In a statement today, Icahn said he would never invest with Pershing
Square, citing Ackman’s short sale of more than 20 million Herbalife
shares.
“Selling short 20 percent of the shares of a company
such as HLF with limited partners’ money that can be withdrawn, in my
opinion, leaves much to be questioned,” Icahn said. Noting that Ackman
yesterday called him a “great investor,” Icahn said, “I thank him but
unfortunately I cannot return the compliment.”

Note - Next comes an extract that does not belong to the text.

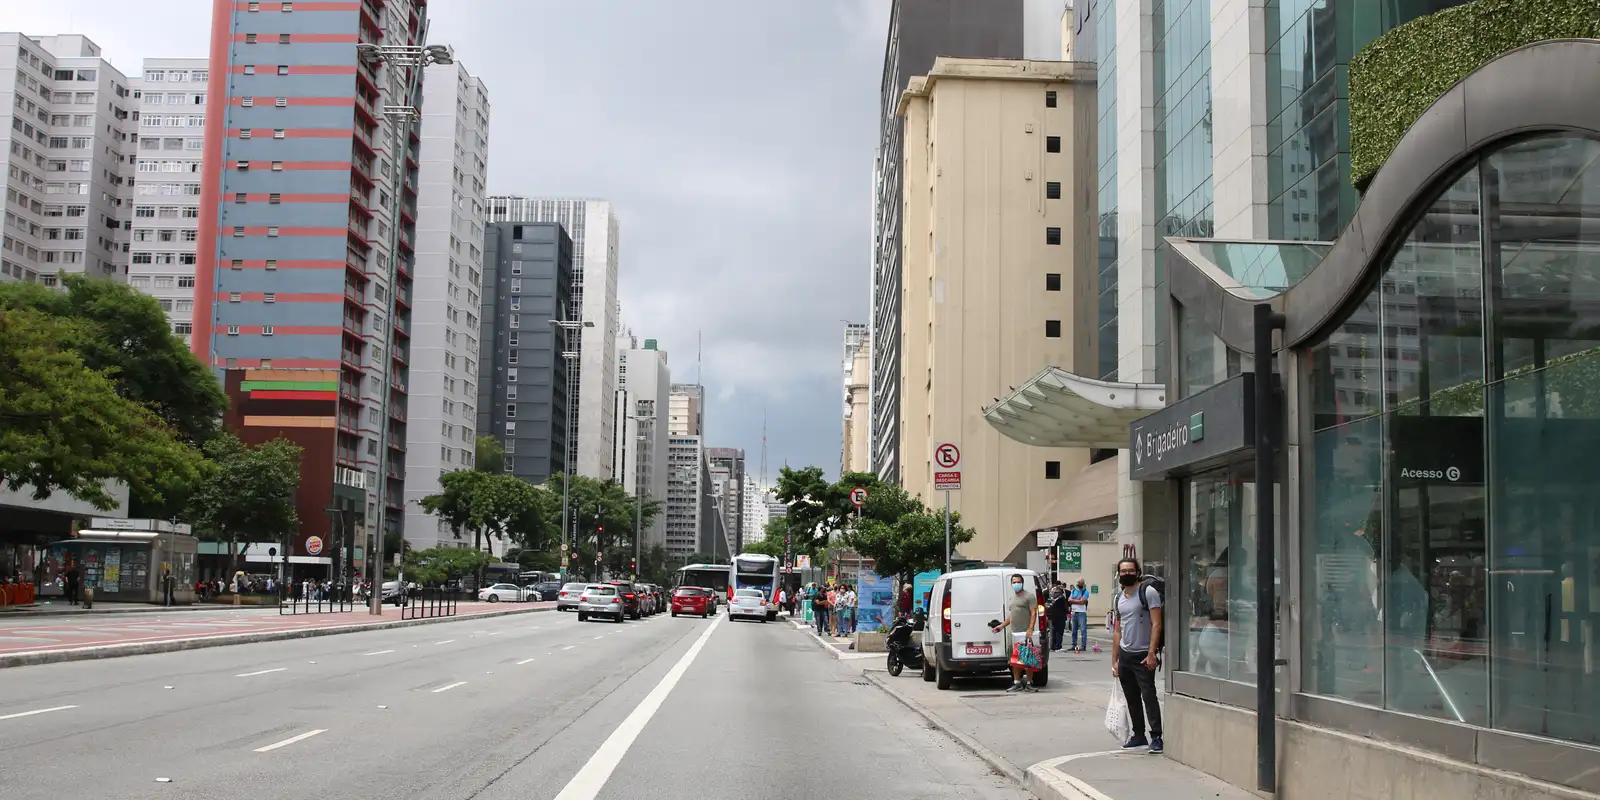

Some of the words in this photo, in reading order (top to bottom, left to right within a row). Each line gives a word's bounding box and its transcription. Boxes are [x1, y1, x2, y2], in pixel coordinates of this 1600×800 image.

[1146, 420, 1188, 461] Brigadeiro
[1400, 467, 1443, 479] Acesso
[1446, 466, 1461, 481] G

Ackman’s wager had already pitted him against
Daniel Loeb in a rare public dispute among hedge-fund managers over
whether Herbalife is a legitimate enterprise or a fraud. On Jan. 10, three
weeks after Ackman disclosed his bet against Herbalife, Loeb’s
Third Point LLC reported in a regulatory filing that its
hedge funds held 8.9 million company
shares at year-end.
Herbalife had about 108 million shares outstanding
as of Oct. 24, according to the company’s latest quarterly report.
Sohn Presentation
Speaking at the Sohn Investment Conference in
New York on Dec. 20, Ackman detailed his short-selling strategy
through a presentation that lasted more than three hours, including a
question-and-answer period, and featured more than 340 slides. Accompanied
by
Pershing Square’s chief attorney, Ackman said Herbalife uses inflated
pricing, misleading sales information and a complicated incentive
structure to hide a pyramid scheme
Icahn, in an interview yesterday with
Trish Regan on Bloomberg Television, said he doesn’t “like” or
“respect” Ackman and questioned his motives for publicizing the Herbalife
short sale. In a short sale, an investor sells borrowed shares in
anticipation the price will drop, providing a profit when the trade is
closed out.
“You don’t go out and get a room full of people to
bad- mouth the company,” Icahn said. “If you want to be in that business,
why don’t you join the SEC,” Icahn added, referring to the U.S. Securities
and Exchange Commission.
Legal Dispute
Icahn, like Ackman, has been accused of using
aggressive tactics to squeeze profits from his investments. During a
takeover battle for Trans World Airlines in the 1980s, TWA Chairman C.E.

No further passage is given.